Tonight Only! is a 1961 album by the Dave Brubeck Quartet featuring the singer Carmen McRae.

This was the first of three albums that Brubeck and McRae would make together, they would later work on Take Five Live (1961) and The Real Ambassadors (1962).
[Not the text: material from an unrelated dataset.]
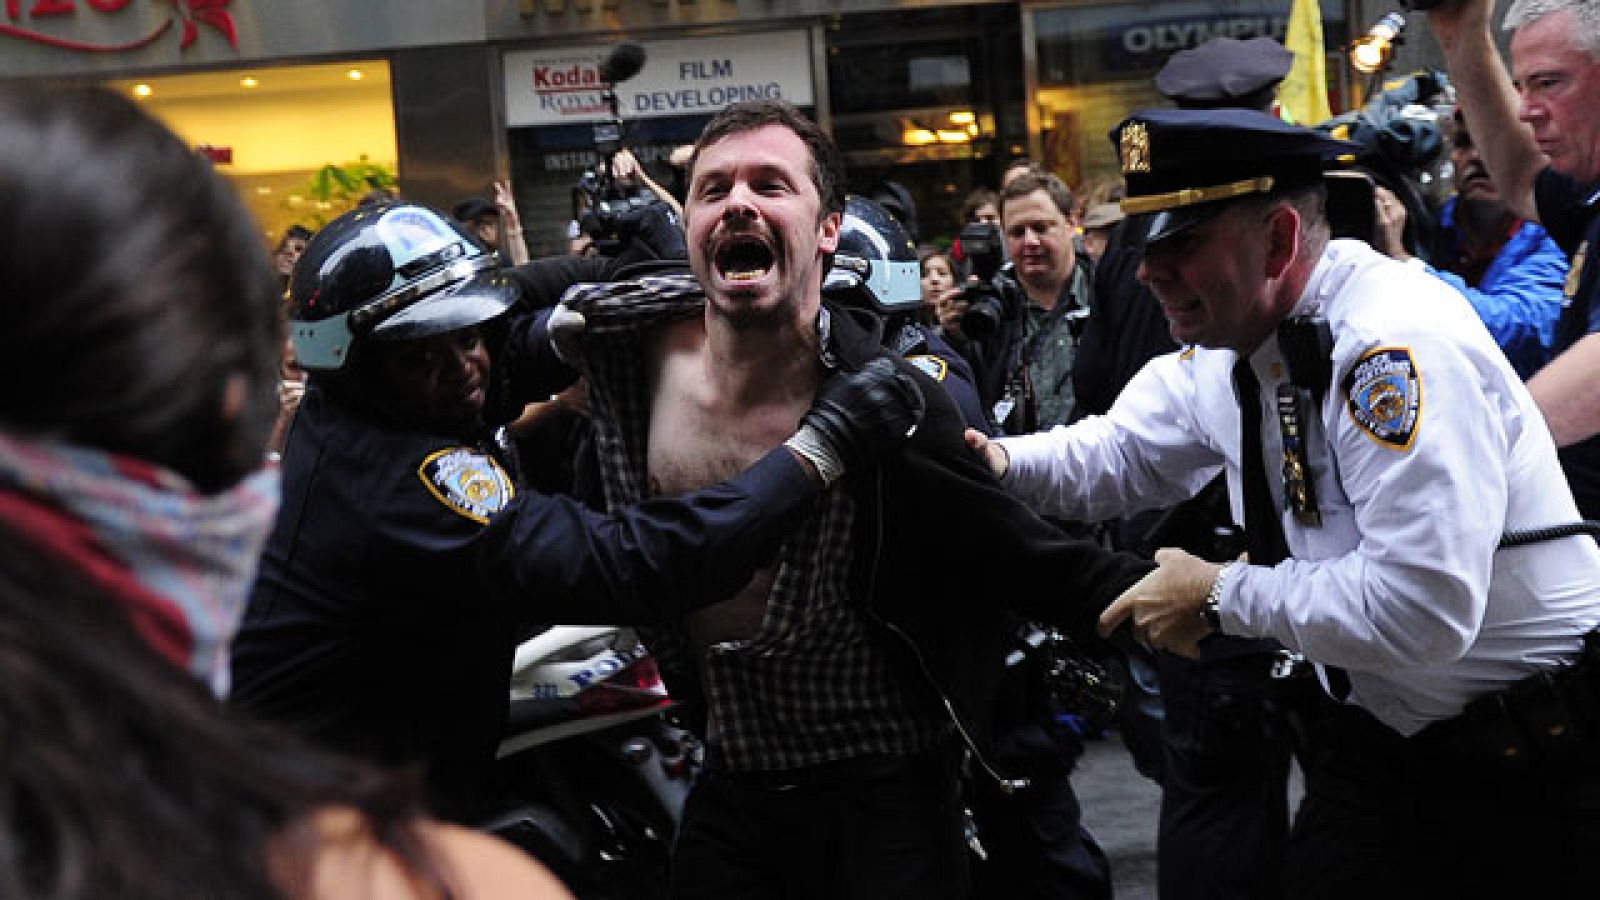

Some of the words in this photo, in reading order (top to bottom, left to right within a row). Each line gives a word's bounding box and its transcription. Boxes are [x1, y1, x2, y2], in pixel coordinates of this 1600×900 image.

[1123, 18, 1286, 53] OLYMPU
[679, 59, 733, 80] FILM
[634, 82, 781, 111] DEVELOPING
Brubeck praised McRae's lyrical interpretations of his songs, later stating that "Carmen has added even to my own understanding of the music".

Brubeck's wife, Iola, contributed lyrics to three songs: "Weep No More", "Briar Bush" and "Strange Meadow Lark".

==Reception==

The Billboard magazine review from 5 June 1961 chose Tonight Only! as one of its 'Spotlight Winners of the Week' and commented, "Brubeck teams up with canary Carmen McRae on this package and the results are eminently tasteful and listenable".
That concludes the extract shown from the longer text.